Graded on a Curve:
Squeeze,
Singles – 45’s and Under

From England’s green and pleasant land, an unprepossessing and pleasant band—Squeeze aren’t out to change your life, just to provide you with friendly and understated pop gems, domestic and romantic tableaux of the sort that won me over even when I was at the height of my Anglophobia.

The Village Voice’s Robert Christgau more or less summed up my sentiments when he wrote of Squeeze’s 1982 compilation Singles – 45’s and Under, “They’re so principled in their unpretension, so obsessed with the telling detail, that their lesser moments are passively minuscule—not unfine when you squint at them, but all too easy to overlook.”

People are always talking about Chris Difford and Glenn Tilbrook as if they’re the McCartney and Lennon of the early eighties, but back me against a wall and the only Squeeze songs I can name are “Tempted,” “Pulling Mussels from the Shell,” and “Black Coffee in Bed.” And I considered myself a fan. Not a huge fan, but I saw them live on a pier in New York City once. Pity I was three sheets to the wind and almost fell off the pier.

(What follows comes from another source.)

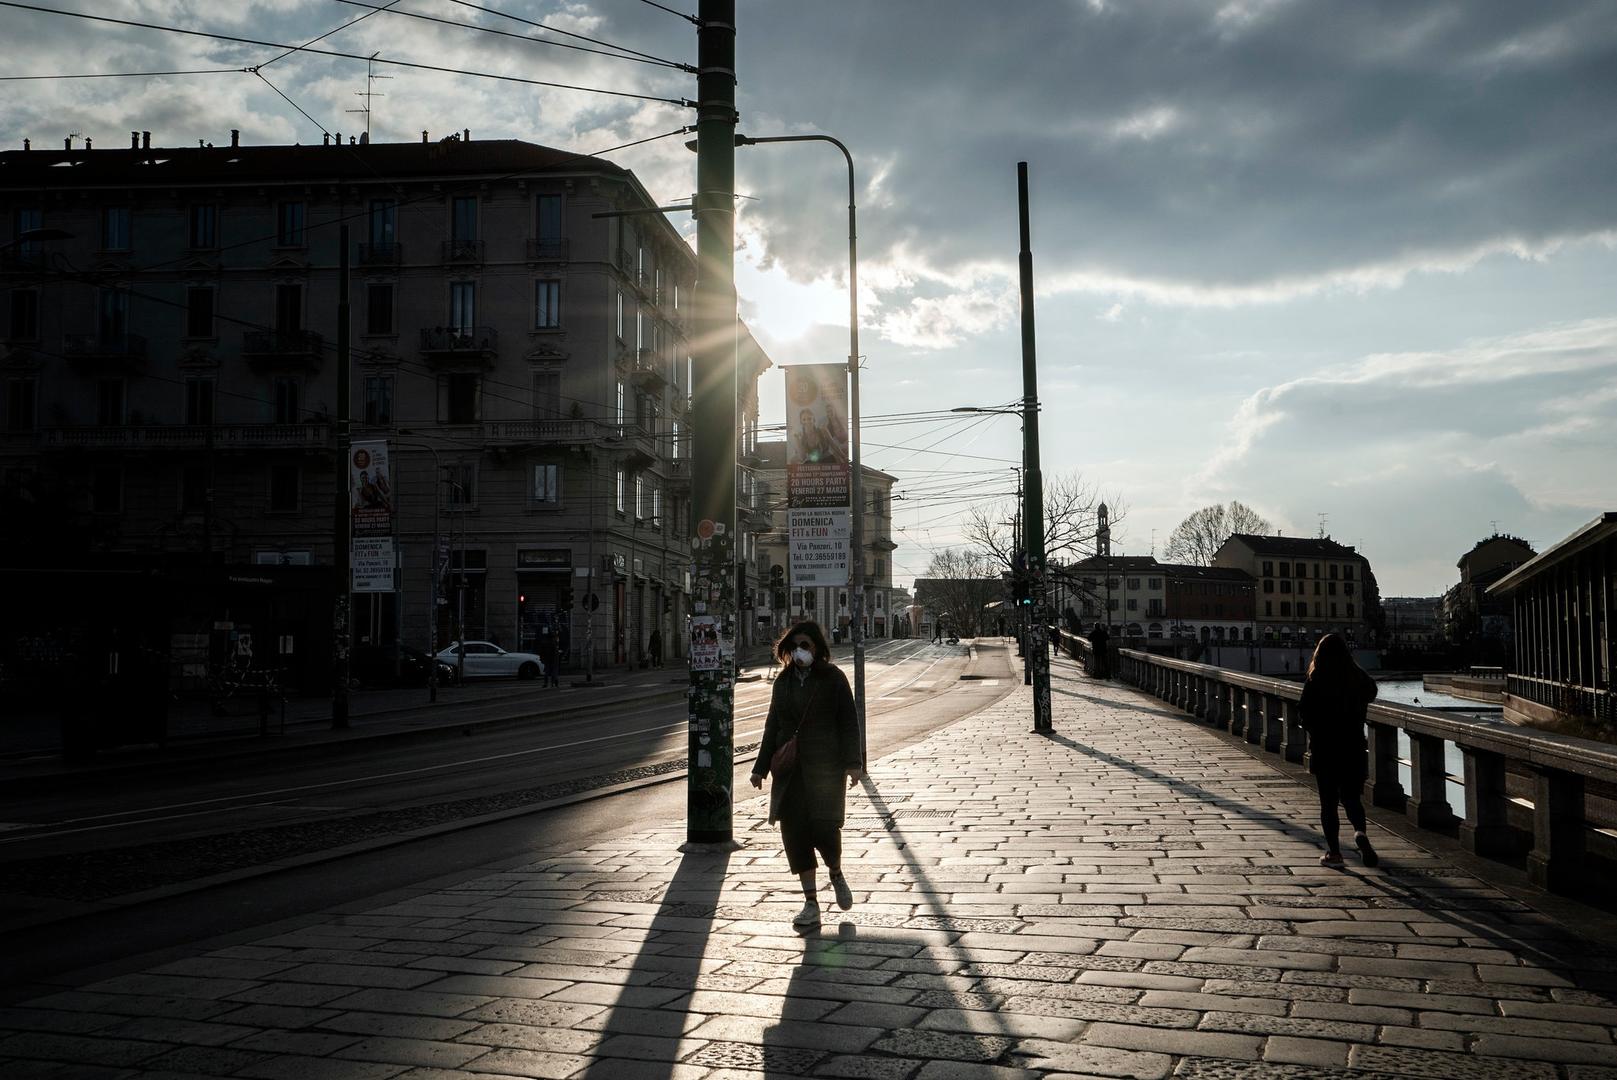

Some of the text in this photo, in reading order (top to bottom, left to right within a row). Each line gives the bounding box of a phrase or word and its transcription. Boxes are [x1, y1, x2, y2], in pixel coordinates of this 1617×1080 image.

But just because I don’t remember most of the songs on Singles – 45’s and Under doesn’t mean they’re not worth hearing. There’s a real warmth to Squeeze’s music, even if Difford and Tilbrook are rather cool customers. They’re Apollonian formalists, and pure popcraft is their strong suit. I’m talking immaculately put-together songs with smart words about heartbreak and occasionally irresistible melodies.

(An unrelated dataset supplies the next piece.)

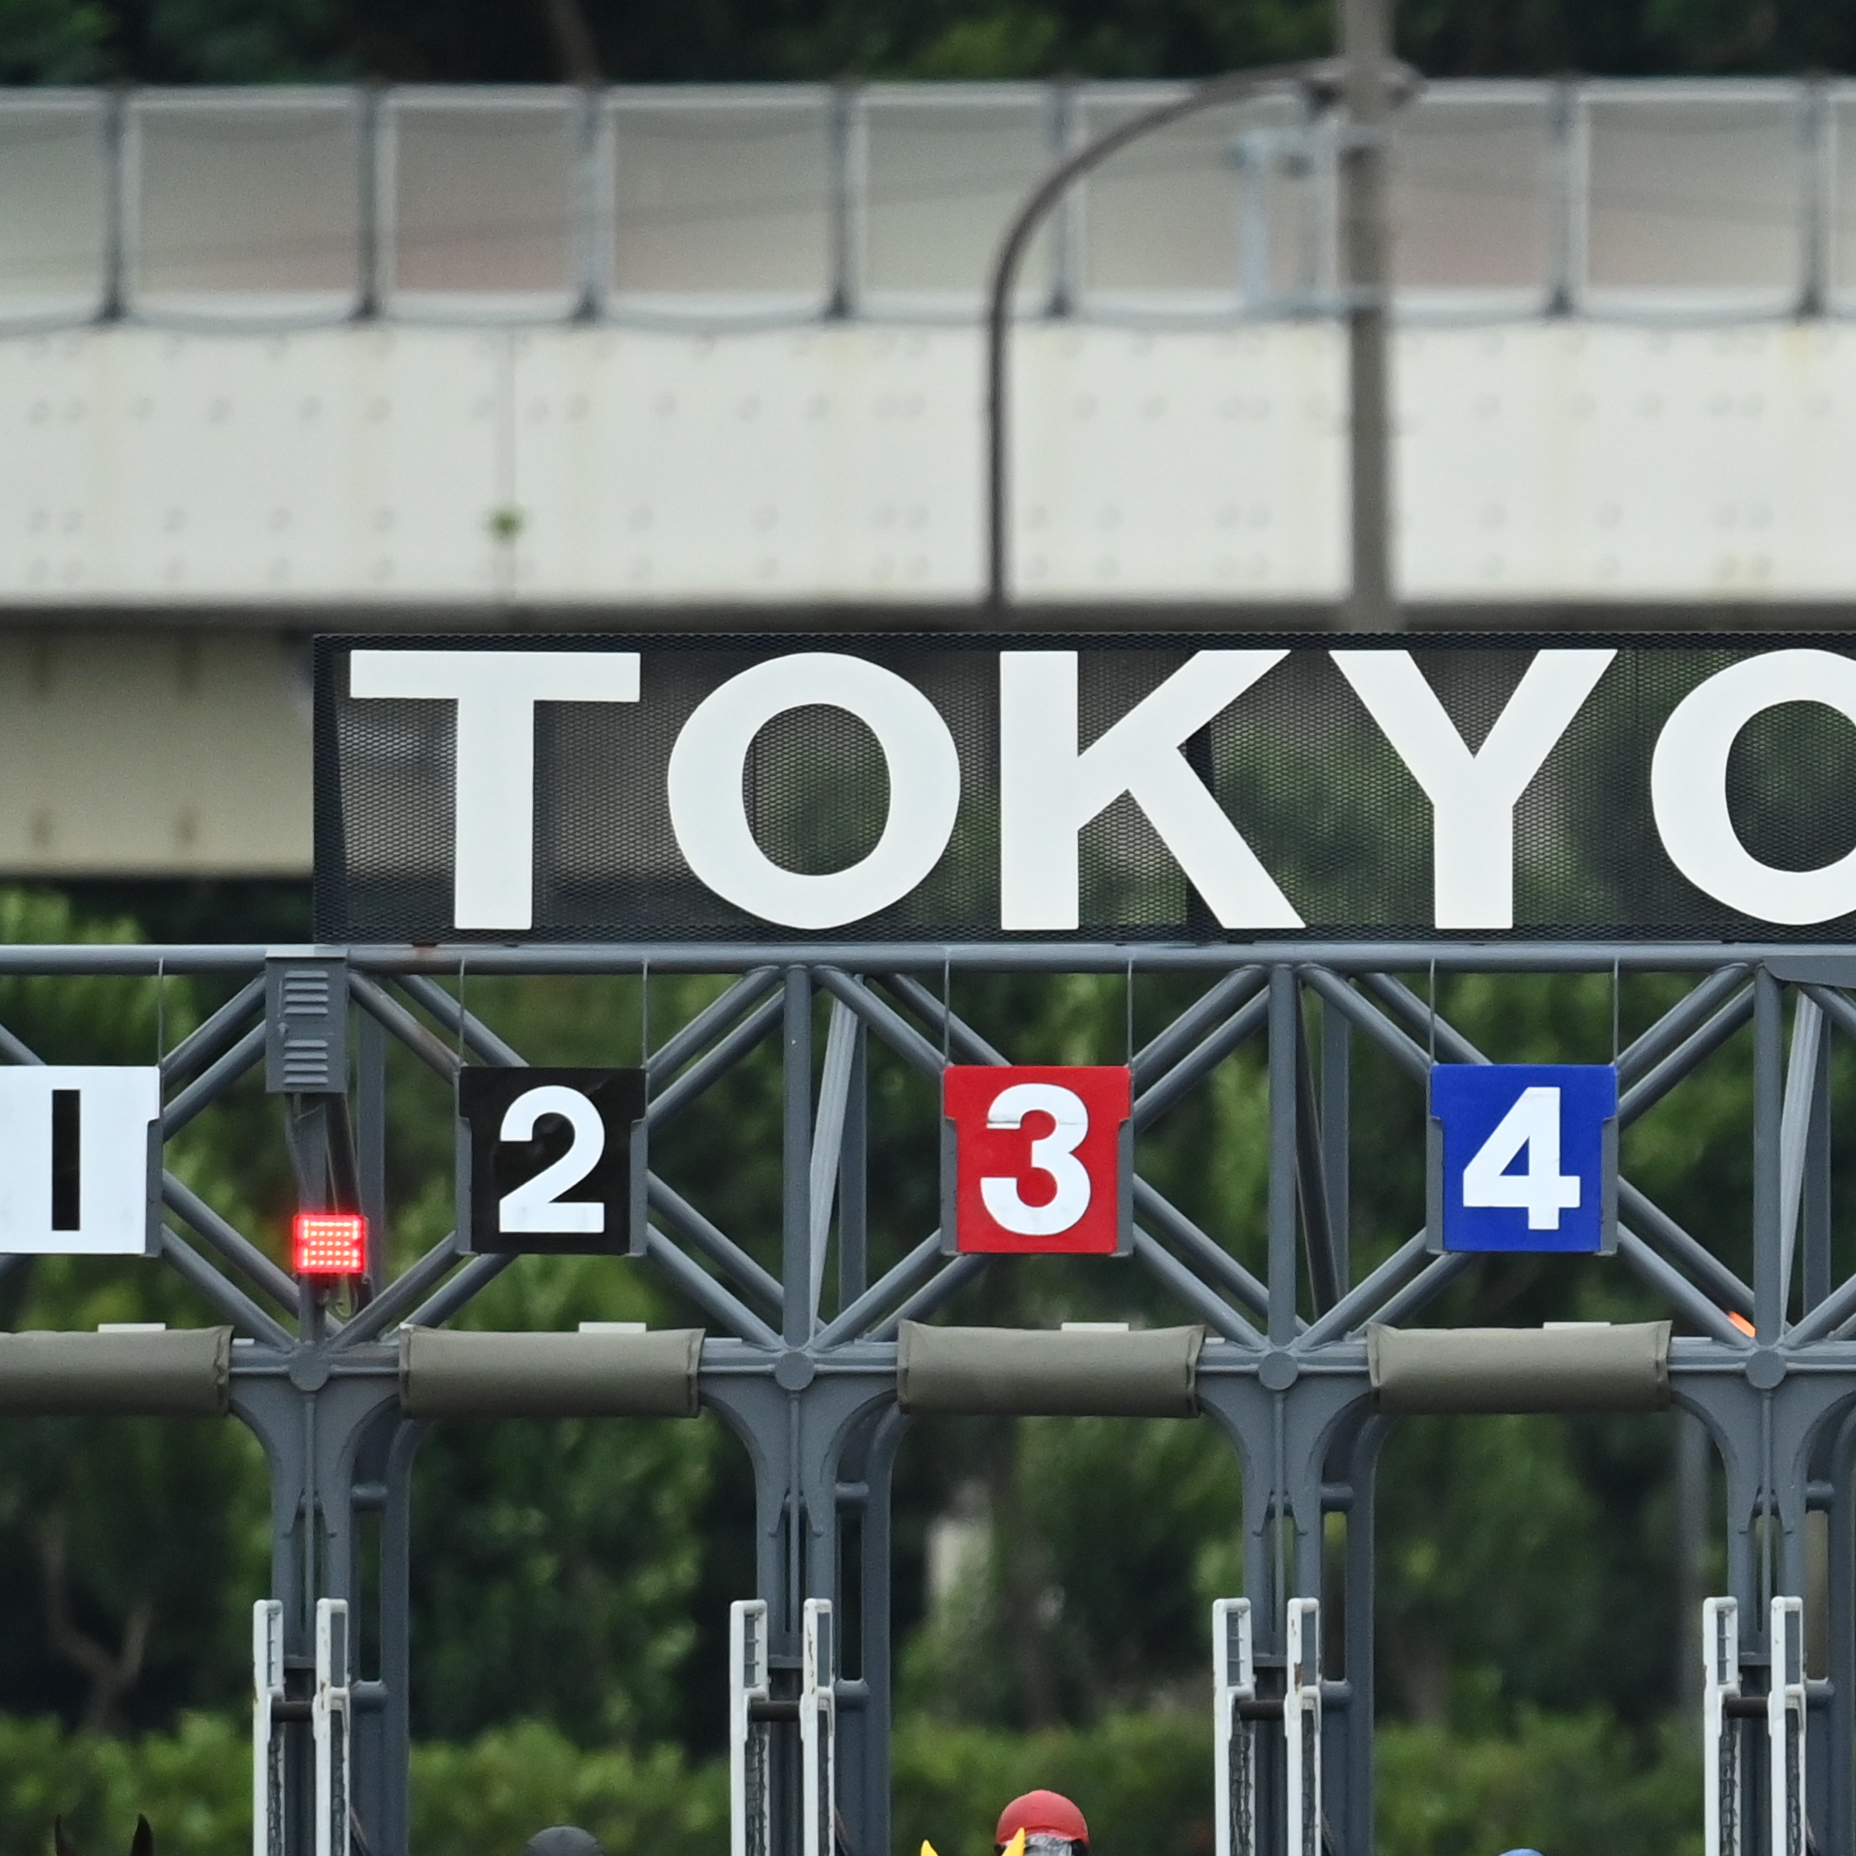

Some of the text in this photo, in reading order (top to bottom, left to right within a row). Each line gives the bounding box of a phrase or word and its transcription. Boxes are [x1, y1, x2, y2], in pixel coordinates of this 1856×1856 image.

[52, 1089, 80, 1231] 1
[499, 1085, 605, 1233] 2
[980, 1083, 1091, 1236] 3
[1464, 1087, 1580, 1230] 4

Singles – 45’s and Under collects most but not quite all of the singles Squeeze released between 1978 to 1982. And what strikes me is that while Squeeze has been called the consummate singles band, that hardly translated into chart success. Only three of their singles cracked the top ten in the UK, and they never scored a number one. Here in America, they may as well have never happened.

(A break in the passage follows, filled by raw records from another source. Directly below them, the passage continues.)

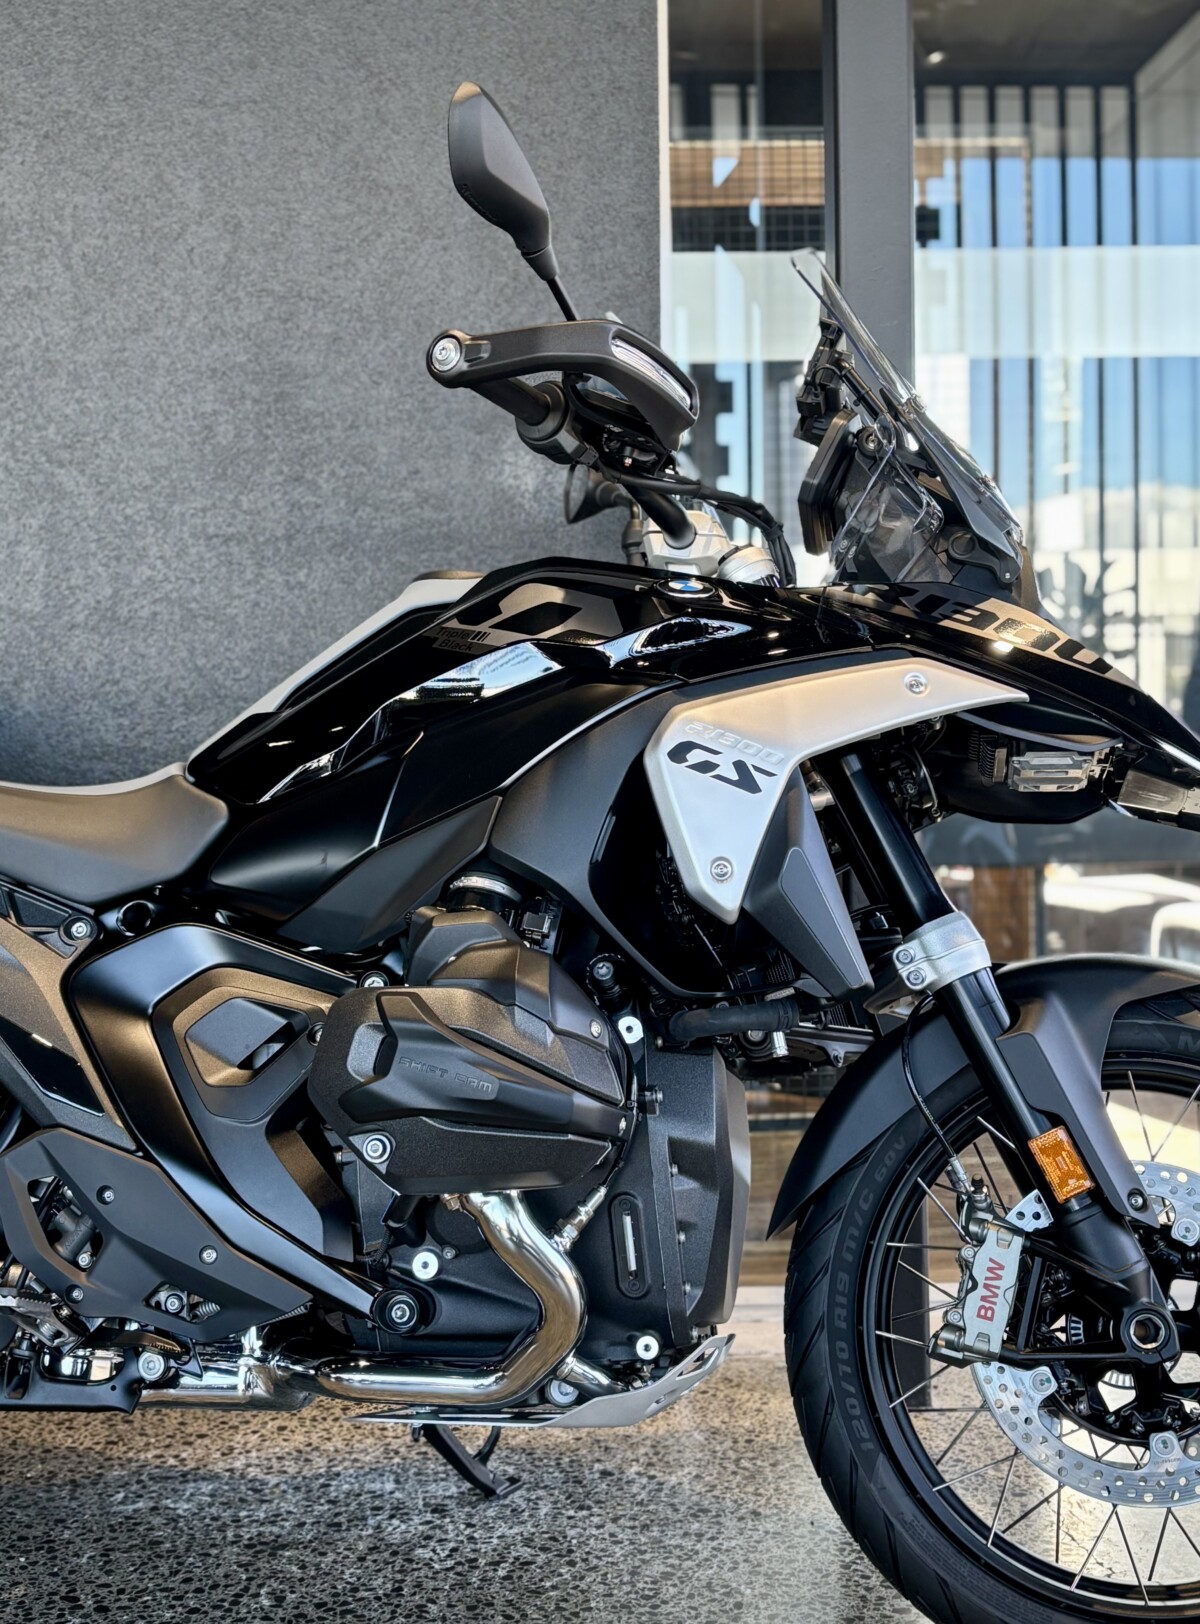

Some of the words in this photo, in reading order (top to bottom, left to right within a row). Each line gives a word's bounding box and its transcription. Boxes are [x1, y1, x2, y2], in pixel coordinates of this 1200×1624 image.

[435, 628, 470, 640] Triple
[438, 639, 474, 652] Black
[667, 740, 778, 795] GS
[399, 1056, 449, 1078] SHIFT
[455, 1072, 492, 1093] CAM
[874, 1135, 907, 1183] 60V
[834, 1271, 850, 1329] R19
[976, 1257, 1005, 1322] BMW
[835, 1345, 875, 1451] 120/70

Maybe Difford and Tilbrook were too smart for their own good. Elvis Costello is a smart guy, too, and he’s only scored three top ten hits over the course of his long career as well. And when you look at the singles on the Squeeze compilation, the chart positions of some of their songs are inexplicable. “Tempted” didn’t crack the UK top forty. Ditto “Black Coffee in Bed” or “Pulling Mussels from the Shell.” What’s wrong with the English? Do they have ears?

My ears don’t much like opener “Take Me I’m Yours.” It’s a synthpop number that has way too much in common with Eurythmics’ “Sweet Dreams (Are Made of This)” for its own good. Trouble is it isn’t as catchy as the Eurythmics’ song, and the vocals lack the warm touch that make the best Squeeze songs so personable. “Goodbye Girl” is more like it—it tells a good story, boasts a danceable beat and a fetching melody, and while it still has a bit too much synthpop in its DNA, it manages to exude the human touch that characterizes all of their best songs.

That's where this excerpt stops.